**What you should do:** Output the line with "this 1250×1750 image." and every line below it until the listing ends, exactly as written and with nothing added.

**Data shown:**
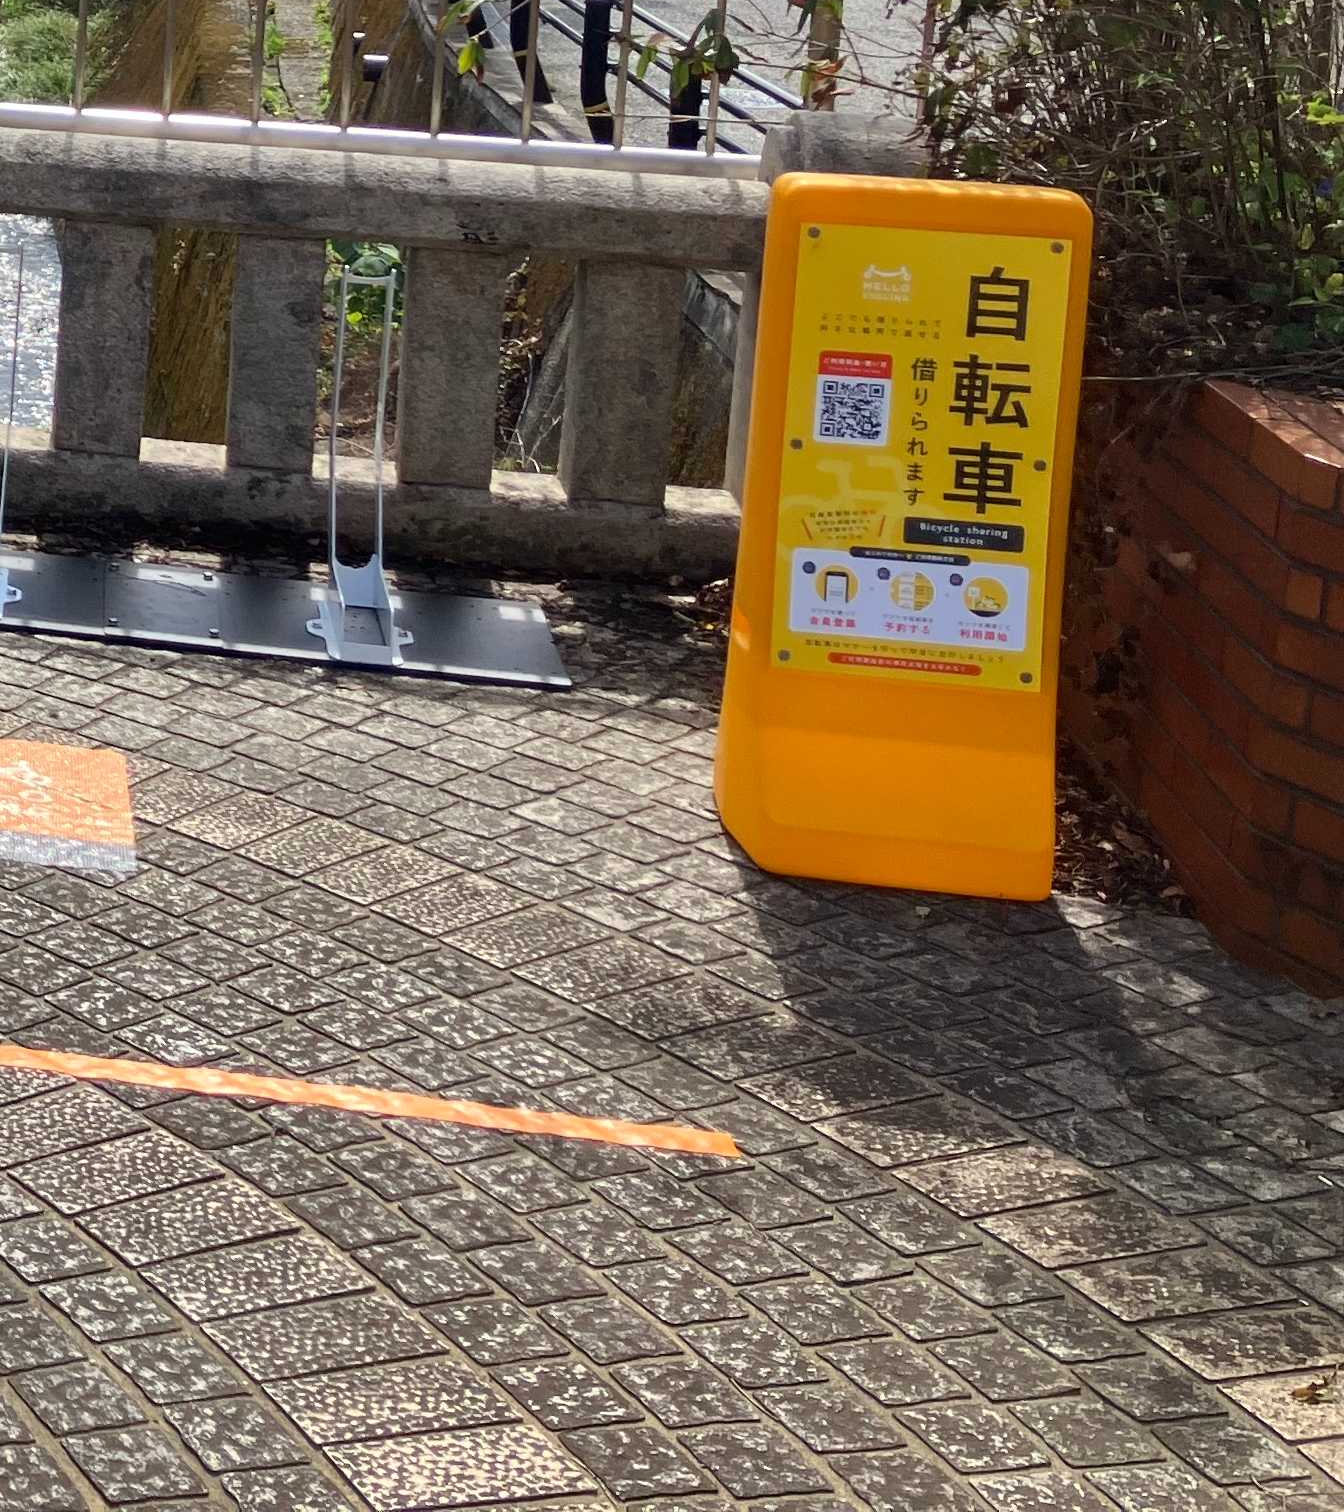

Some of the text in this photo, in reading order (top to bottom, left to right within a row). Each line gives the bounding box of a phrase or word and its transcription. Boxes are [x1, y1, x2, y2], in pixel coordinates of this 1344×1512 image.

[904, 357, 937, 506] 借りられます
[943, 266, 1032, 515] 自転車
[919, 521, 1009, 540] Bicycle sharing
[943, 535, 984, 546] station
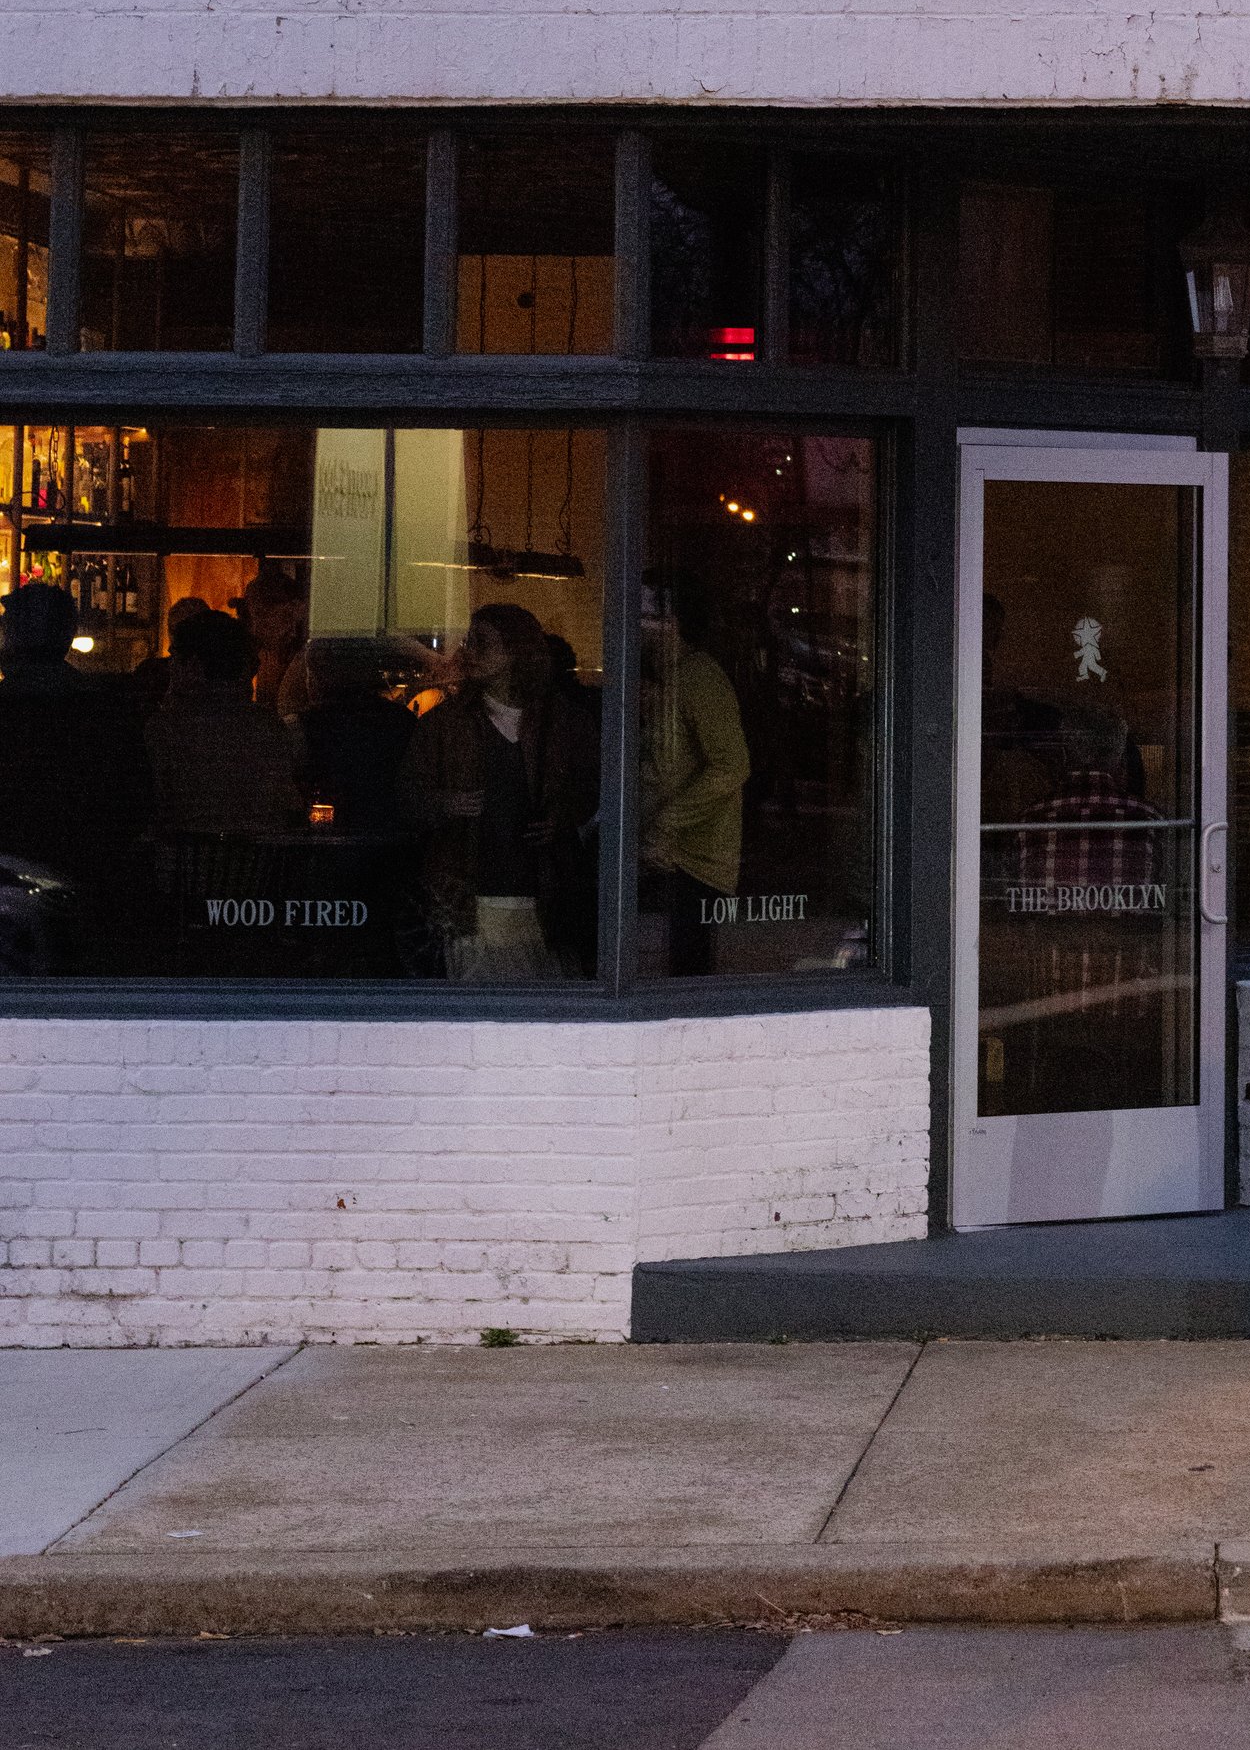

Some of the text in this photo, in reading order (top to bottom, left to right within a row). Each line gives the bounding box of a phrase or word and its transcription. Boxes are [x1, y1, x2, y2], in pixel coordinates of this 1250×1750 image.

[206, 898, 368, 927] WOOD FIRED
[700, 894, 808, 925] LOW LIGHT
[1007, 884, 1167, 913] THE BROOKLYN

**Exercise response:**
Some of the text in this photo, in reading order (top to bottom, left to right within a row). Each line gives the bounding box of a phrase or word and its transcription. Boxes are [x1, y1, x2, y2], in pixel coordinates of this 1250×1750 image.

[206, 898, 368, 927] WOOD FIRED
[700, 894, 808, 925] LOW LIGHT
[1007, 884, 1167, 913] THE BROOKLYN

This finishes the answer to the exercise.